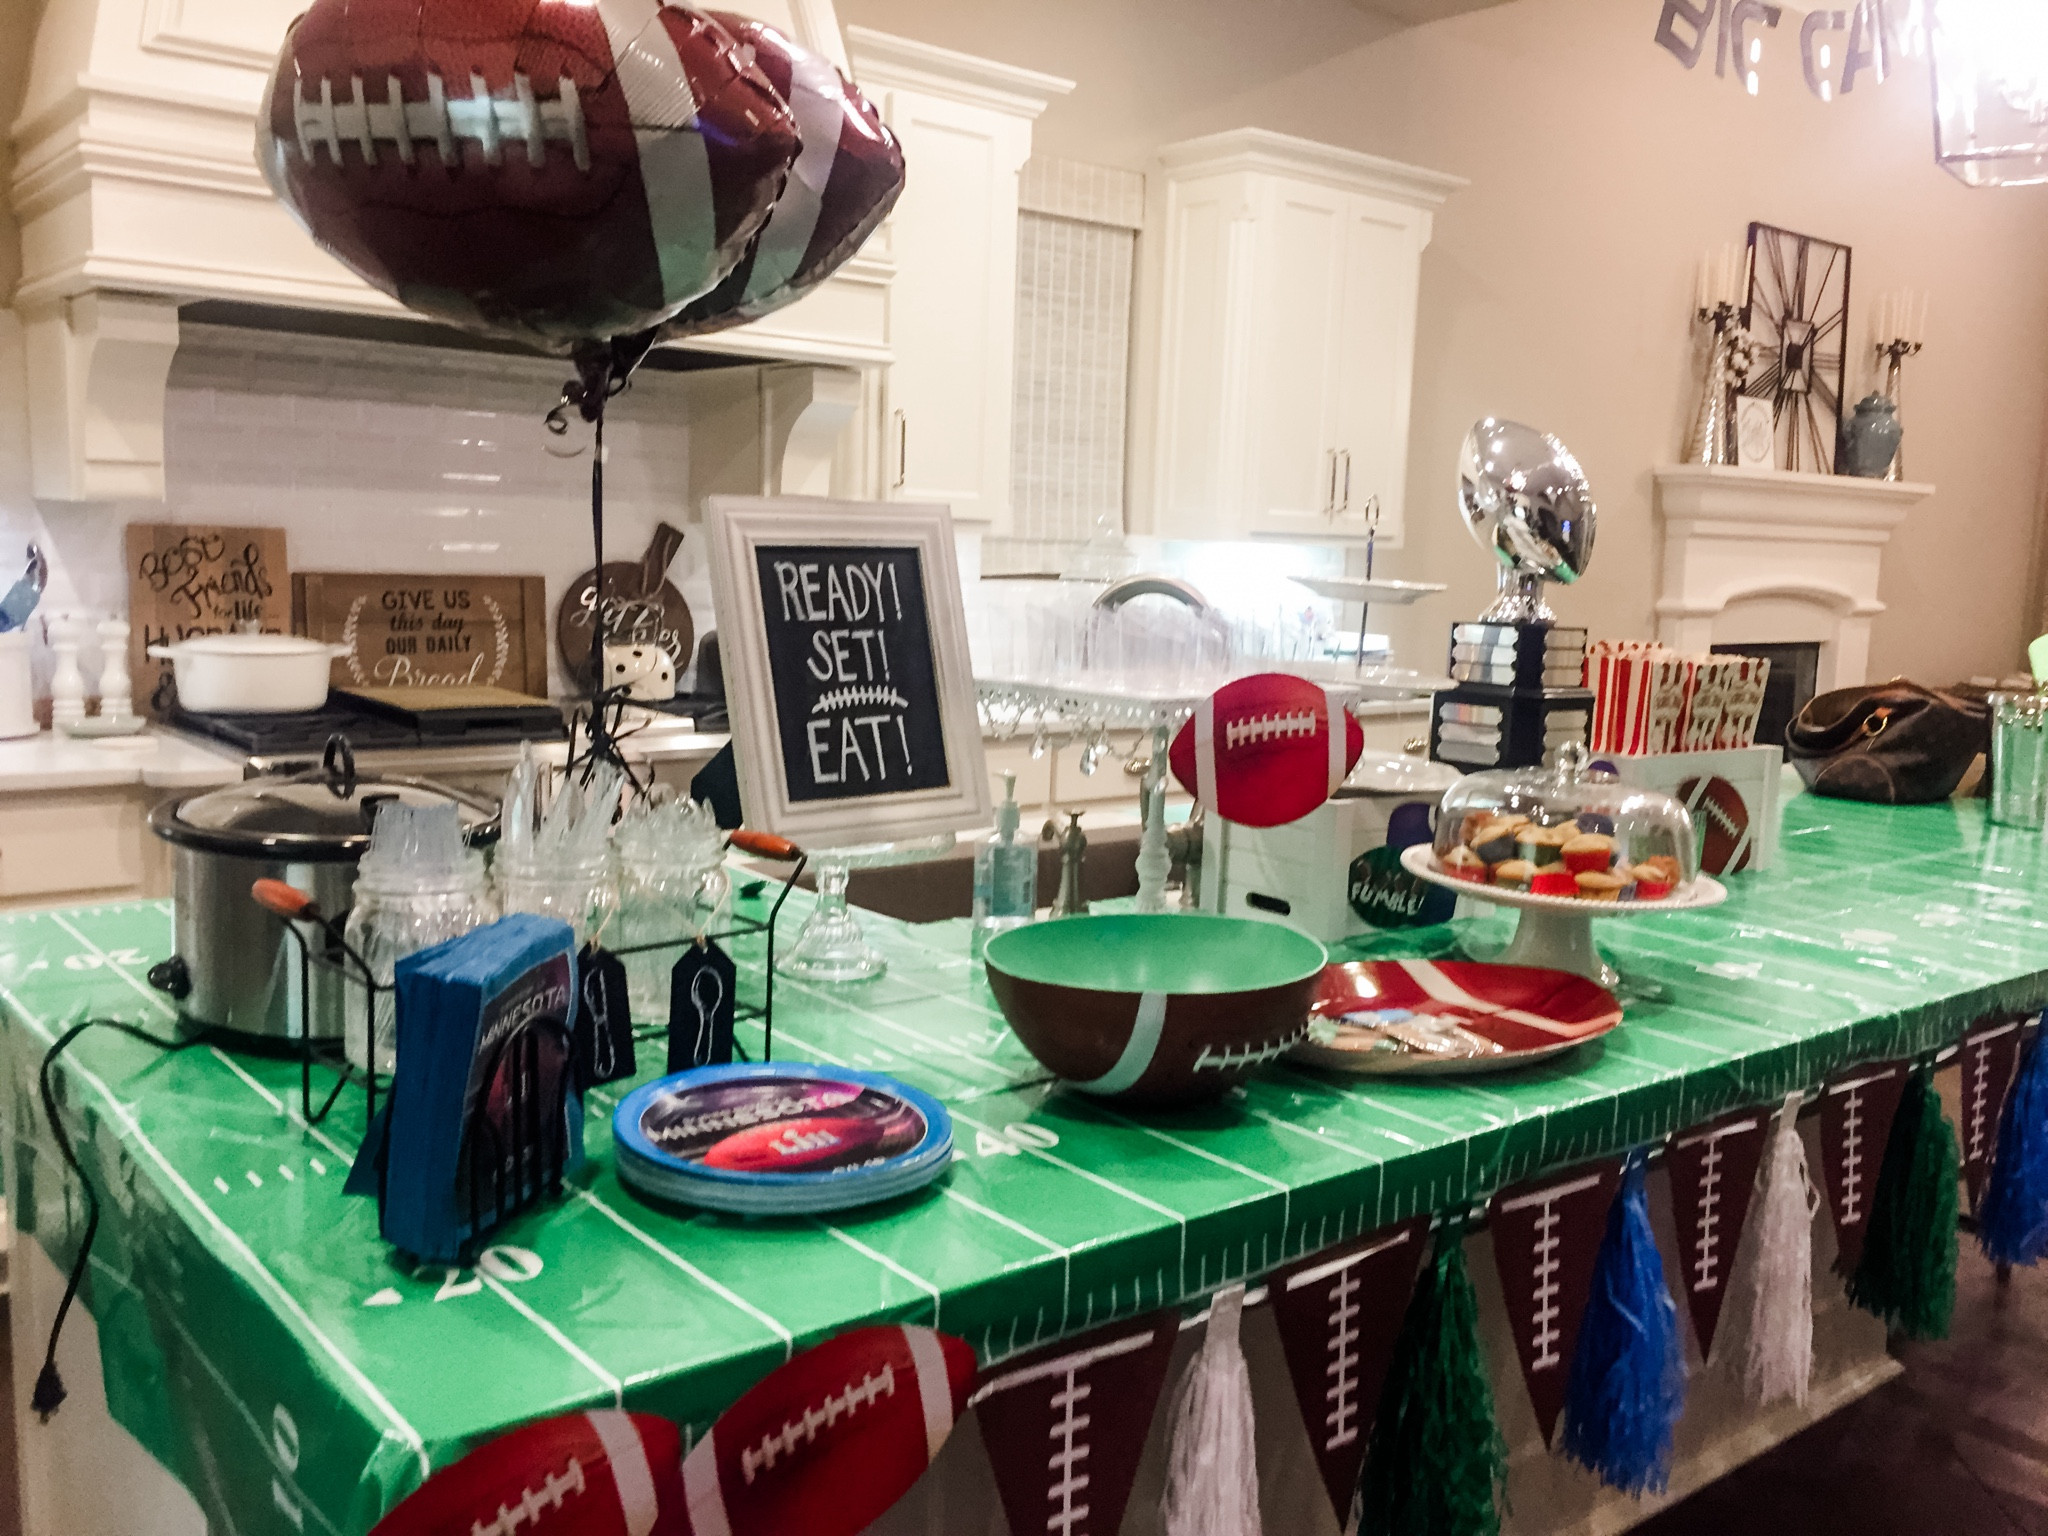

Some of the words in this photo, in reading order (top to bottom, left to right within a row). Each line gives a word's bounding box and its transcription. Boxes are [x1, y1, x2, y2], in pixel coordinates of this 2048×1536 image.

[381, 590, 435, 610] GIVE
[443, 589, 471, 610] US
[773, 561, 902, 622] READY!
[389, 613, 424, 632] this
[431, 612, 464, 635] day
[386, 636, 417, 655] OUR
[426, 635, 472, 653] DAILY
[806, 629, 891, 682] SET!
[374, 652, 485, 687] Bread
[806, 714, 913, 784] EAT!
[975, 1122, 1060, 1157] 40
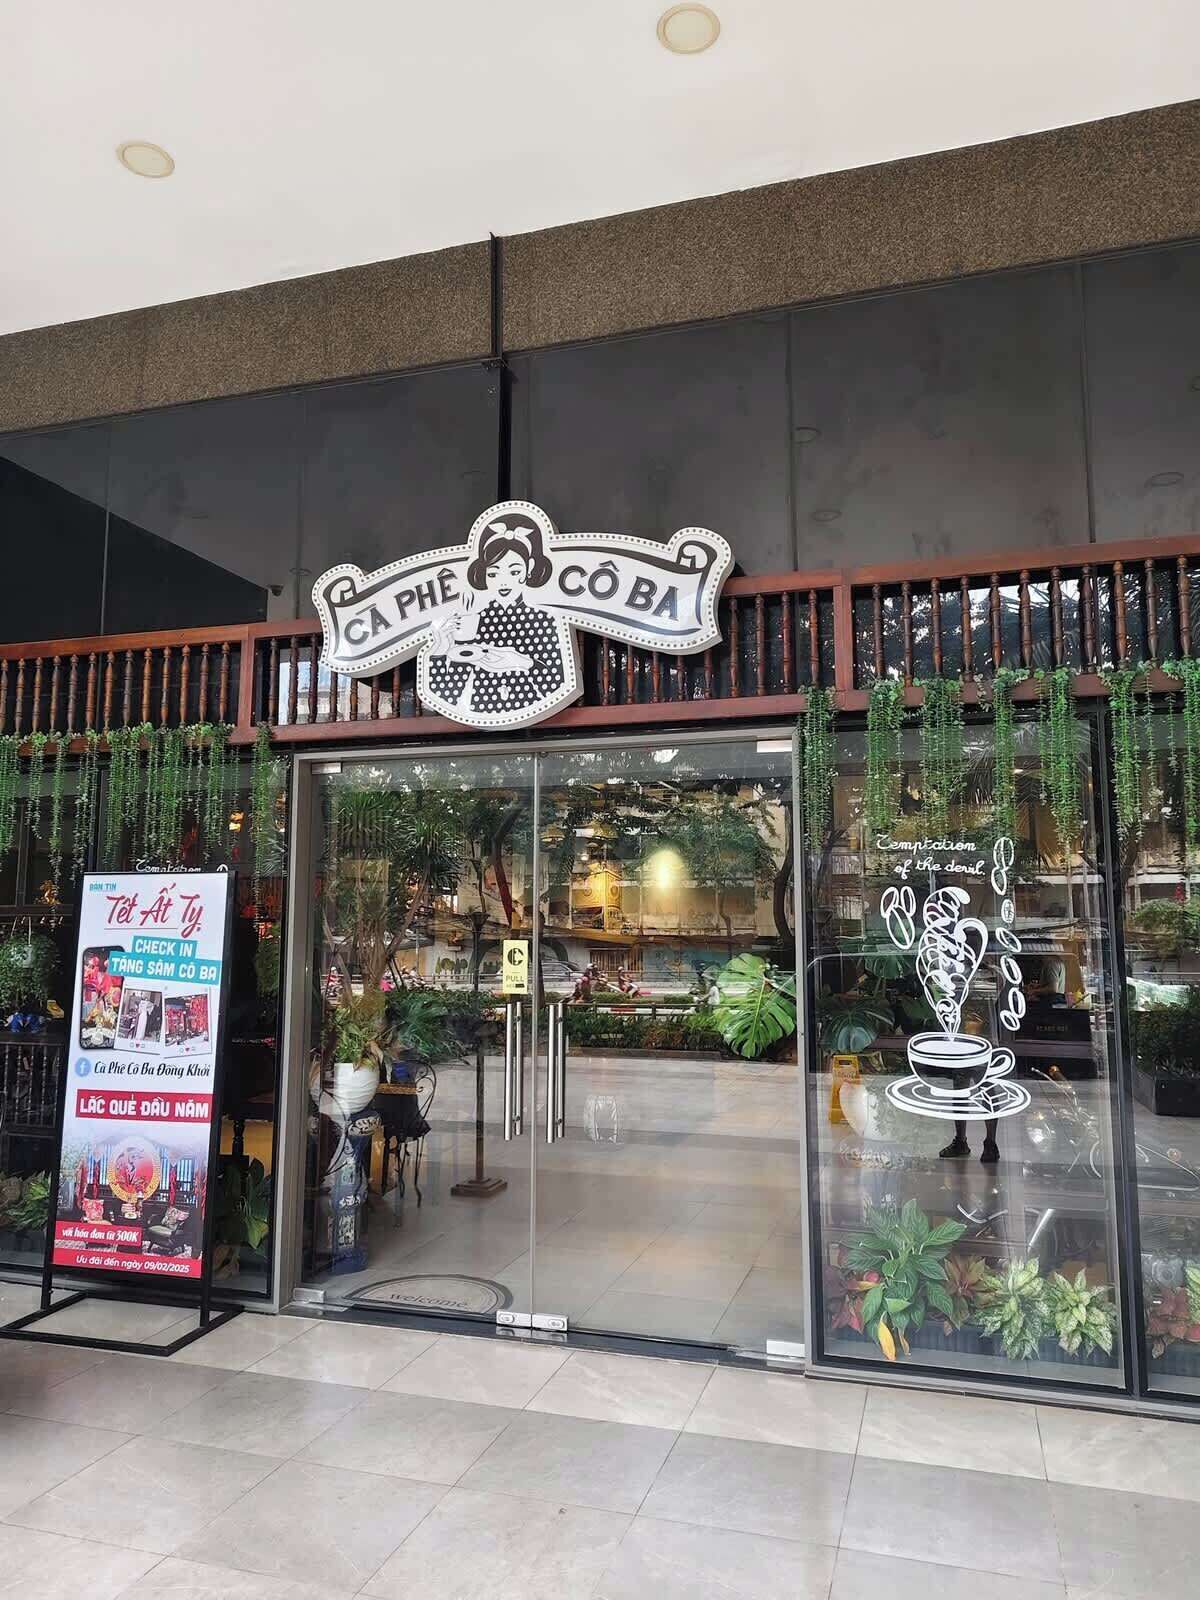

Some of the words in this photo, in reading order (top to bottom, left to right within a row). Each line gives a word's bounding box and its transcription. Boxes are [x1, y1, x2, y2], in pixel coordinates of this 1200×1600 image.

[394, 568, 460, 621] PHÊ
[559, 560, 620, 600] CÔ
[625, 576, 679, 621] BA
[876, 834, 976, 855] Temptation
[894, 859, 912, 880] of
[915, 857, 942, 871] the
[105, 882, 117, 891] TIN
[106, 893, 138, 924] Tết
[140, 883, 176, 926] Ất
[180, 894, 203, 938] Tỵ
[135, 939, 176, 956] CHECK
[179, 943, 193, 958] IN
[112, 956, 144, 976] TẶNG
[147, 959, 175, 976] SÂM
[179, 962, 196, 979] CÔ
[199, 965, 217, 981] BA
[505, 975, 525, 983] PULL
[94, 1061, 106, 1074] Cà
[108, 1061, 126, 1075] Phê
[127, 1062, 139, 1075] Cô
[140, 1062, 154, 1076] Ba
[156, 1063, 184, 1079] Đồng
[186, 1063, 210, 1077] Khởi
[80, 1095, 106, 1114] LẮC
[140, 1096, 170, 1117] ĐẦU
[174, 1099, 209, 1118] NĂM
[76, 1254, 87, 1264] Ưu
[121, 1259, 143, 1271] ngày
[144, 1262, 190, 1274] 09/02/2025
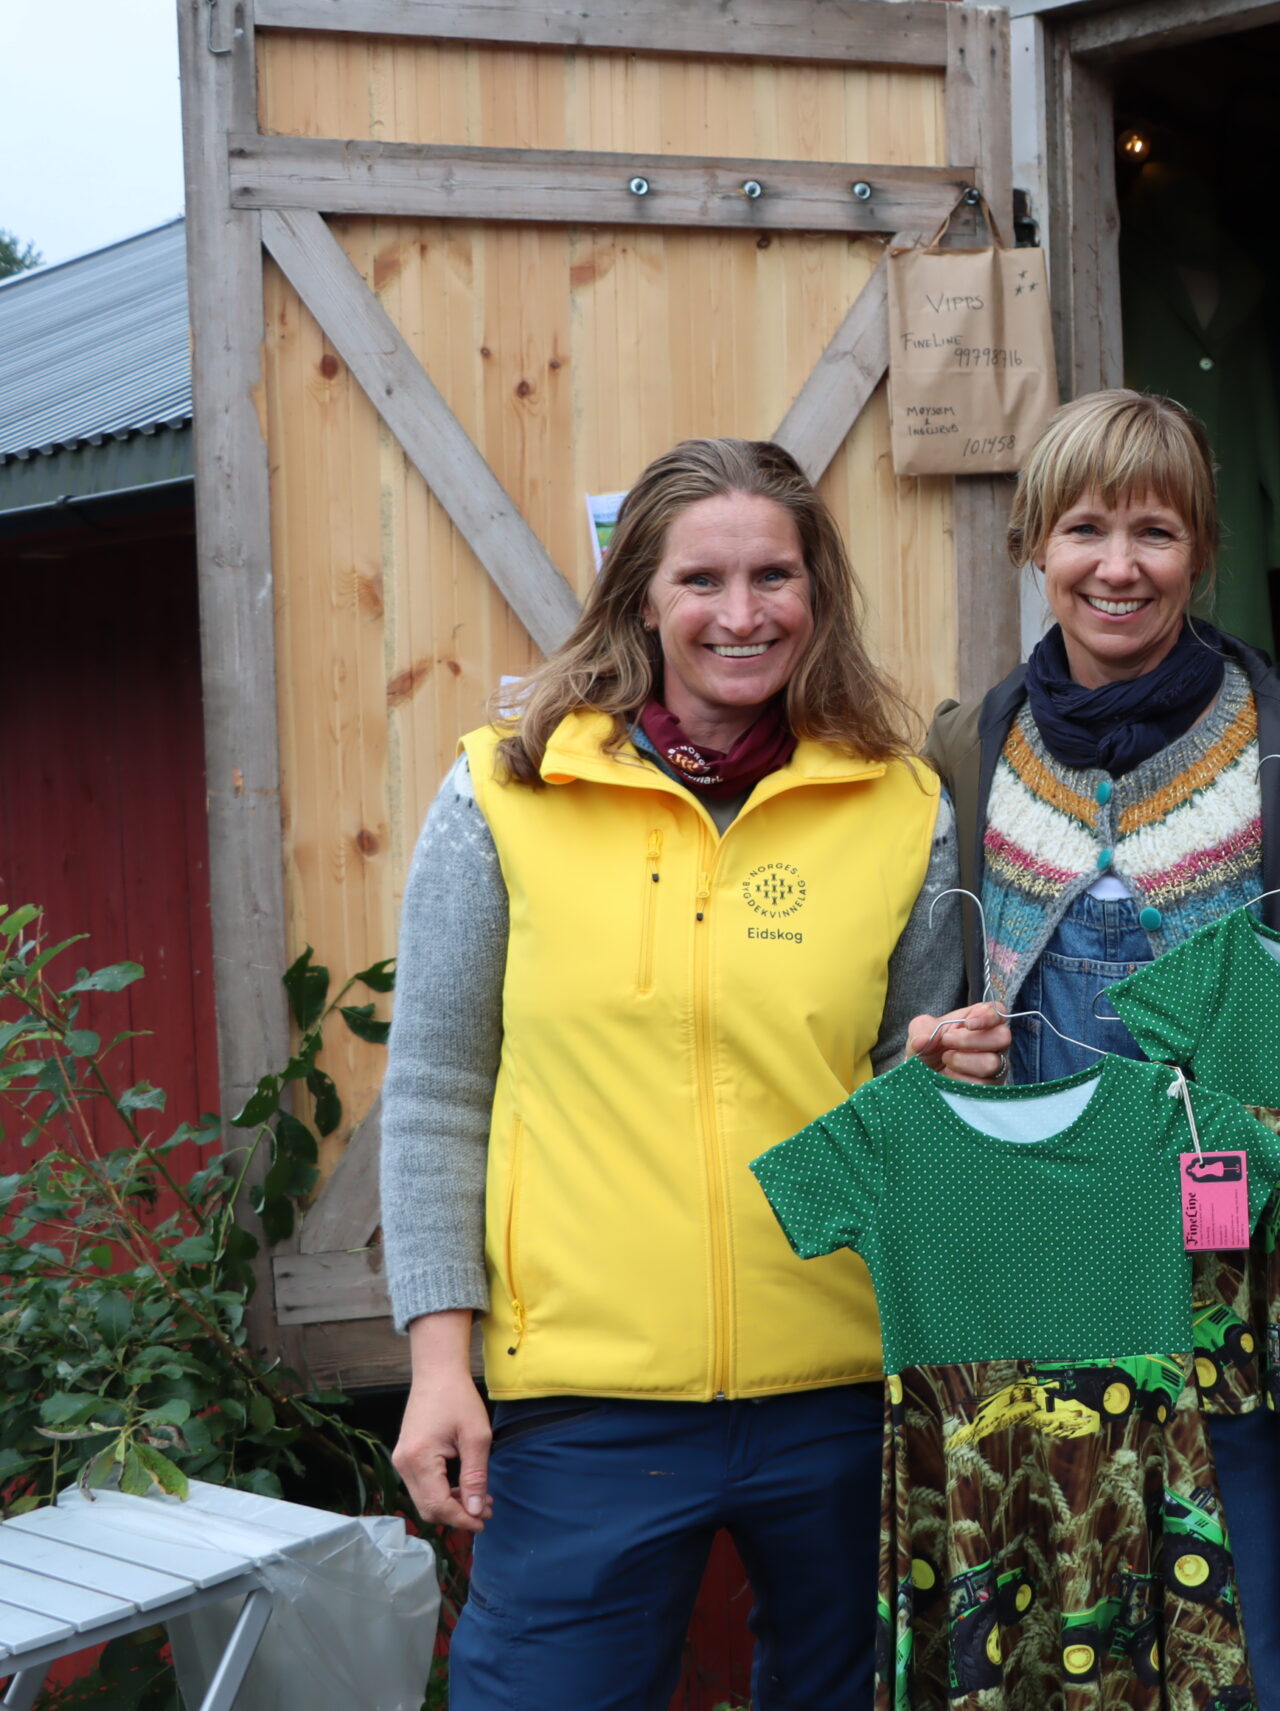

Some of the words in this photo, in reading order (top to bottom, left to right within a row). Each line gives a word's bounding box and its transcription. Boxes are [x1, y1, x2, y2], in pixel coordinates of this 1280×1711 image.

..........

- Work instructions
Would you output the listing above verbatim, without its pictures?

- Response to this task
Some of the words in this photo, in reading order (top to bottom, left to right within a row). Each line gives a word's bounding box and its transcription. Boxes are [x1, y1, x2, y2], in pixel coordinates of this 2048×1536 image.

[381, 590, 435, 610] GIVE
[443, 589, 471, 610] US
[773, 561, 902, 622] READY!
[389, 613, 424, 632] this
[431, 612, 464, 635] day
[386, 636, 417, 655] OUR
[426, 635, 472, 653] DAILY
[806, 629, 891, 682] SET!
[374, 652, 485, 687] Bread
[806, 714, 913, 784] EAT!
[975, 1122, 1060, 1157] 40

Some of the words in this photo, in reading order (top to bottom, left to right within a row). Each line gives a word's bounding box and its transcription. Boxes are [x1, y1, x2, y2], in pixel coordinates of this 1200×1600 image.

[394, 568, 460, 621] PHÊ
[559, 560, 620, 600] CÔ
[625, 576, 679, 621] BA
[876, 834, 976, 855] Temptation
[894, 859, 912, 880] of
[915, 857, 942, 871] the
[105, 882, 117, 891] TIN
[106, 893, 138, 924] Tết
[140, 883, 176, 926] Ất
[180, 894, 203, 938] Tỵ
[135, 939, 176, 956] CHECK
[179, 943, 193, 958] IN
[112, 956, 144, 976] TẶNG
[147, 959, 175, 976] SÂM
[179, 962, 196, 979] CÔ
[199, 965, 217, 981] BA
[505, 975, 525, 983] PULL
[94, 1061, 106, 1074] Cà
[108, 1061, 126, 1075] Phê
[127, 1062, 139, 1075] Cô
[140, 1062, 154, 1076] Ba
[156, 1063, 184, 1079] Đồng
[186, 1063, 210, 1077] Khởi
[80, 1095, 106, 1114] LẮC
[140, 1096, 170, 1117] ĐẦU
[174, 1099, 209, 1118] NĂM
[76, 1254, 87, 1264] Ưu
[121, 1259, 143, 1271] ngày
[144, 1262, 190, 1274] 09/02/2025

Some of the words in this photo, in reading order (top to bottom, left to right within a row). Each line gives a word's bounding box and its transcription. Boxes are [x1, y1, x2, y2], in pixel coordinates of this 1280×1711 image.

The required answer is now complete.